• _ACTIVITY_:
Reproduce the entries so that every line matches the original exactly.

• _Stored data entries_:

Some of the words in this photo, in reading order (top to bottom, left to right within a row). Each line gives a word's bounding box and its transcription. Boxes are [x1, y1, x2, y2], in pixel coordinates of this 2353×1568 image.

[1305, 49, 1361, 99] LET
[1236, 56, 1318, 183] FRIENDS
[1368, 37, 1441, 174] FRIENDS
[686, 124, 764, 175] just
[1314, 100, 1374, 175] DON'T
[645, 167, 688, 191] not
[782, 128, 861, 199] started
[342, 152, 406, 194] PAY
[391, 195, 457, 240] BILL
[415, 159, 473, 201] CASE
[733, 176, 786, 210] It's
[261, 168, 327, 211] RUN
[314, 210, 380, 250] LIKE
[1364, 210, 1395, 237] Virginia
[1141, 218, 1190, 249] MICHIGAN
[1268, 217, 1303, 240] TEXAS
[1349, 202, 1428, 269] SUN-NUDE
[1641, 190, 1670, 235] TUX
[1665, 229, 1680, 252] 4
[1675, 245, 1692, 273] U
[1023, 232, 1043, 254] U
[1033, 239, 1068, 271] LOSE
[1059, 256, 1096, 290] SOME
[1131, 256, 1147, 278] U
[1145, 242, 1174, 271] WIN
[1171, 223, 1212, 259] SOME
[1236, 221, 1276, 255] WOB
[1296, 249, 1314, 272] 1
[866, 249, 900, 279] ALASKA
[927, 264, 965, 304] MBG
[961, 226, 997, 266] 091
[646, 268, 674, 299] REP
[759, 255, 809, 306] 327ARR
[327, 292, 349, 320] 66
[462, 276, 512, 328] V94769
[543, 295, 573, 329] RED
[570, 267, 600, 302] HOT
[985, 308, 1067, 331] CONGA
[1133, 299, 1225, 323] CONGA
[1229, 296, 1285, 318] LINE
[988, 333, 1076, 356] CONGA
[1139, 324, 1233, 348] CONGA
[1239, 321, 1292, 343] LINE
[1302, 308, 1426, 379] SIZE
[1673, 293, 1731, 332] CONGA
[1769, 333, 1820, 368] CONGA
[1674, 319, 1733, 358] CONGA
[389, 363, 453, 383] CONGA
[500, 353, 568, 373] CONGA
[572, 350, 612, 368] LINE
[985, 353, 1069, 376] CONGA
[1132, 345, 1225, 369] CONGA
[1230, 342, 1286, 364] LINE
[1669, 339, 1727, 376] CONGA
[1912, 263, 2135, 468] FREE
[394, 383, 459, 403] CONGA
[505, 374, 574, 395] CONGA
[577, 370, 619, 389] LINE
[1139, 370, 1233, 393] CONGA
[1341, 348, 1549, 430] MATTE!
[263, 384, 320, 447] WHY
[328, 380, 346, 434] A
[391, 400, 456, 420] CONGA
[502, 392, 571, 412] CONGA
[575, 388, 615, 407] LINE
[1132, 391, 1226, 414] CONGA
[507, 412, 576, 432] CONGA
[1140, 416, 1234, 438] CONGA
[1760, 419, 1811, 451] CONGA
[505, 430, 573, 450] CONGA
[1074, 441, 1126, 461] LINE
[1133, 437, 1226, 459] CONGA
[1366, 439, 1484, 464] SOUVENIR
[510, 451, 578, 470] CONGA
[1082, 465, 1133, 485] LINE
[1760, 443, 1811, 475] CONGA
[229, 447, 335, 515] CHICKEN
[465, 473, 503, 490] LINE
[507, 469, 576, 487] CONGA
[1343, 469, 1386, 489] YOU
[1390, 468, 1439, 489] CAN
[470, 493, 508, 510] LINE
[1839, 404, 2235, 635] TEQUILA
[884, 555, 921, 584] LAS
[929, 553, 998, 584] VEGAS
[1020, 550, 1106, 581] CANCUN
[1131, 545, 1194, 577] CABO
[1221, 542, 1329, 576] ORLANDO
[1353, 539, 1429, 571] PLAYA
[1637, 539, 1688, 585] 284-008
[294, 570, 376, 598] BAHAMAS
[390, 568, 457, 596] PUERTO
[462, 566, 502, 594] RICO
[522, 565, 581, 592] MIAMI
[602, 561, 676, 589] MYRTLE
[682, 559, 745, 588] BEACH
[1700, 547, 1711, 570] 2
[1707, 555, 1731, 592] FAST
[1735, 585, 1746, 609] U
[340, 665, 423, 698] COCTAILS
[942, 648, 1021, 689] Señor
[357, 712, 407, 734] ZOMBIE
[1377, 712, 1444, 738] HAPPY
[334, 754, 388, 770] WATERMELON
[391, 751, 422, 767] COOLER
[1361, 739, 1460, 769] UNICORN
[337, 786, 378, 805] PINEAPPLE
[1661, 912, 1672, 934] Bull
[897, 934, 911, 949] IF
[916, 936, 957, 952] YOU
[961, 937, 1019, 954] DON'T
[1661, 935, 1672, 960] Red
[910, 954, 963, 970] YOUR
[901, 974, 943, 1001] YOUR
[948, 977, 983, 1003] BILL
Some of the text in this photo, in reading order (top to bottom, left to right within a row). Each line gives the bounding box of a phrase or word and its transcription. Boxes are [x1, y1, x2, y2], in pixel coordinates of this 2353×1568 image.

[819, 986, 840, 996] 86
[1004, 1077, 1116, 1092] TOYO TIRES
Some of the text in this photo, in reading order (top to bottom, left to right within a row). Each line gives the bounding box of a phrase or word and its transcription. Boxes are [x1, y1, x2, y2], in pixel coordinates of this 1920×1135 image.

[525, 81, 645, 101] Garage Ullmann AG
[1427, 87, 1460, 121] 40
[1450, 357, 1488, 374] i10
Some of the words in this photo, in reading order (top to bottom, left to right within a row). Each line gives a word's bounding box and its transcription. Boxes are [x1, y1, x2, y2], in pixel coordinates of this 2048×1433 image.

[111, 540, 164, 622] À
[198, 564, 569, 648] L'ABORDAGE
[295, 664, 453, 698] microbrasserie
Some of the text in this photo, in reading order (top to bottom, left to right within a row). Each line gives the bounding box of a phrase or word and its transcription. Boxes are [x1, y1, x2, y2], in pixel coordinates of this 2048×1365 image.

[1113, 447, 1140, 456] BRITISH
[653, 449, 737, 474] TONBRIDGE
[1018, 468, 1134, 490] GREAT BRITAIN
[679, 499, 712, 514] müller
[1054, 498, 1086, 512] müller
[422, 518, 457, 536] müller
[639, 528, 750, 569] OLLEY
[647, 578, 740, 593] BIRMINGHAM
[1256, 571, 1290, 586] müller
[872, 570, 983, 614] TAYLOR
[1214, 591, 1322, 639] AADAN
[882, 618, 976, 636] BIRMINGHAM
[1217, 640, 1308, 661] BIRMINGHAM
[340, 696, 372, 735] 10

• _EXPECTED OUTPUT_:
Some of the words in this photo, in reading order (top to bottom, left to right within a row). Each line gives a word's bounding box and its transcription. Boxes are [x1, y1, x2, y2], in pixel coordinates of this 2353×1568 image.

[1305, 49, 1361, 99] LET
[1236, 56, 1318, 183] FRIENDS
[1368, 37, 1441, 174] FRIENDS
[686, 124, 764, 175] just
[1314, 100, 1374, 175] DON'T
[645, 167, 688, 191] not
[782, 128, 861, 199] started
[342, 152, 406, 194] PAY
[391, 195, 457, 240] BILL
[415, 159, 473, 201] CASE
[733, 176, 786, 210] It's
[261, 168, 327, 211] RUN
[314, 210, 380, 250] LIKE
[1364, 210, 1395, 237] Virginia
[1141, 218, 1190, 249] MICHIGAN
[1268, 217, 1303, 240] TEXAS
[1349, 202, 1428, 269] SUN-NUDE
[1641, 190, 1670, 235] TUX
[1665, 229, 1680, 252] 4
[1675, 245, 1692, 273] U
[1023, 232, 1043, 254] U
[1033, 239, 1068, 271] LOSE
[1059, 256, 1096, 290] SOME
[1131, 256, 1147, 278] U
[1145, 242, 1174, 271] WIN
[1171, 223, 1212, 259] SOME
[1236, 221, 1276, 255] WOB
[1296, 249, 1314, 272] 1
[866, 249, 900, 279] ALASKA
[927, 264, 965, 304] MBG
[961, 226, 997, 266] 091
[646, 268, 674, 299] REP
[759, 255, 809, 306] 327ARR
[327, 292, 349, 320] 66
[462, 276, 512, 328] V94769
[543, 295, 573, 329] RED
[570, 267, 600, 302] HOT
[985, 308, 1067, 331] CONGA
[1133, 299, 1225, 323] CONGA
[1229, 296, 1285, 318] LINE
[988, 333, 1076, 356] CONGA
[1139, 324, 1233, 348] CONGA
[1239, 321, 1292, 343] LINE
[1302, 308, 1426, 379] SIZE
[1673, 293, 1731, 332] CONGA
[1769, 333, 1820, 368] CONGA
[1674, 319, 1733, 358] CONGA
[389, 363, 453, 383] CONGA
[500, 353, 568, 373] CONGA
[572, 350, 612, 368] LINE
[985, 353, 1069, 376] CONGA
[1132, 345, 1225, 369] CONGA
[1230, 342, 1286, 364] LINE
[1669, 339, 1727, 376] CONGA
[1912, 263, 2135, 468] FREE
[394, 383, 459, 403] CONGA
[505, 374, 574, 395] CONGA
[577, 370, 619, 389] LINE
[1139, 370, 1233, 393] CONGA
[1341, 348, 1549, 430] MATTE!
[263, 384, 320, 447] WHY
[328, 380, 346, 434] A
[391, 400, 456, 420] CONGA
[502, 392, 571, 412] CONGA
[575, 388, 615, 407] LINE
[1132, 391, 1226, 414] CONGA
[507, 412, 576, 432] CONGA
[1140, 416, 1234, 438] CONGA
[1760, 419, 1811, 451] CONGA
[505, 430, 573, 450] CONGA
[1074, 441, 1126, 461] LINE
[1133, 437, 1226, 459] CONGA
[1366, 439, 1484, 464] SOUVENIR
[510, 451, 578, 470] CONGA
[1082, 465, 1133, 485] LINE
[1760, 443, 1811, 475] CONGA
[229, 447, 335, 515] CHICKEN
[465, 473, 503, 490] LINE
[507, 469, 576, 487] CONGA
[1343, 469, 1386, 489] YOU
[1390, 468, 1439, 489] CAN
[470, 493, 508, 510] LINE
[1839, 404, 2235, 635] TEQUILA
[884, 555, 921, 584] LAS
[929, 553, 998, 584] VEGAS
[1020, 550, 1106, 581] CANCUN
[1131, 545, 1194, 577] CABO
[1221, 542, 1329, 576] ORLANDO
[1353, 539, 1429, 571] PLAYA
[1637, 539, 1688, 585] 284-008
[294, 570, 376, 598] BAHAMAS
[390, 568, 457, 596] PUERTO
[462, 566, 502, 594] RICO
[522, 565, 581, 592] MIAMI
[602, 561, 676, 589] MYRTLE
[682, 559, 745, 588] BEACH
[1700, 547, 1711, 570] 2
[1707, 555, 1731, 592] FAST
[1735, 585, 1746, 609] U
[340, 665, 423, 698] COCTAILS
[942, 648, 1021, 689] Señor
[357, 712, 407, 734] ZOMBIE
[1377, 712, 1444, 738] HAPPY
[334, 754, 388, 770] WATERMELON
[391, 751, 422, 767] COOLER
[1361, 739, 1460, 769] UNICORN
[337, 786, 378, 805] PINEAPPLE
[1661, 912, 1672, 934] Bull
[897, 934, 911, 949] IF
[916, 936, 957, 952] YOU
[961, 937, 1019, 954] DON'T
[1661, 935, 1672, 960] Red
[910, 954, 963, 970] YOUR
[901, 974, 943, 1001] YOUR
[948, 977, 983, 1003] BILL
Some of the text in this photo, in reading order (top to bottom, left to right within a row). Each line gives the bounding box of a phrase or word and its transcription. Boxes are [x1, y1, x2, y2], in pixel coordinates of this 2353×1568 image.

[819, 986, 840, 996] 86
[1004, 1077, 1116, 1092] TOYO TIRES
Some of the text in this photo, in reading order (top to bottom, left to right within a row). Each line gives the bounding box of a phrase or word and its transcription. Boxes are [x1, y1, x2, y2], in pixel coordinates of this 1920×1135 image.

[525, 81, 645, 101] Garage Ullmann AG
[1427, 87, 1460, 121] 40
[1450, 357, 1488, 374] i10
Some of the words in this photo, in reading order (top to bottom, left to right within a row). Each line gives a word's bounding box and its transcription. Boxes are [x1, y1, x2, y2], in pixel coordinates of this 2048×1433 image.

[111, 540, 164, 622] À
[198, 564, 569, 648] L'ABORDAGE
[295, 664, 453, 698] microbrasserie
Some of the text in this photo, in reading order (top to bottom, left to right within a row). Each line gives the bounding box of a phrase or word and its transcription. Boxes are [x1, y1, x2, y2], in pixel coordinates of this 2048×1365 image.

[1113, 447, 1140, 456] BRITISH
[653, 449, 737, 474] TONBRIDGE
[1018, 468, 1134, 490] GREAT BRITAIN
[679, 499, 712, 514] müller
[1054, 498, 1086, 512] müller
[422, 518, 457, 536] müller
[639, 528, 750, 569] OLLEY
[647, 578, 740, 593] BIRMINGHAM
[1256, 571, 1290, 586] müller
[872, 570, 983, 614] TAYLOR
[1214, 591, 1322, 639] AADAN
[882, 618, 976, 636] BIRMINGHAM
[1217, 640, 1308, 661] BIRMINGHAM
[340, 696, 372, 735] 10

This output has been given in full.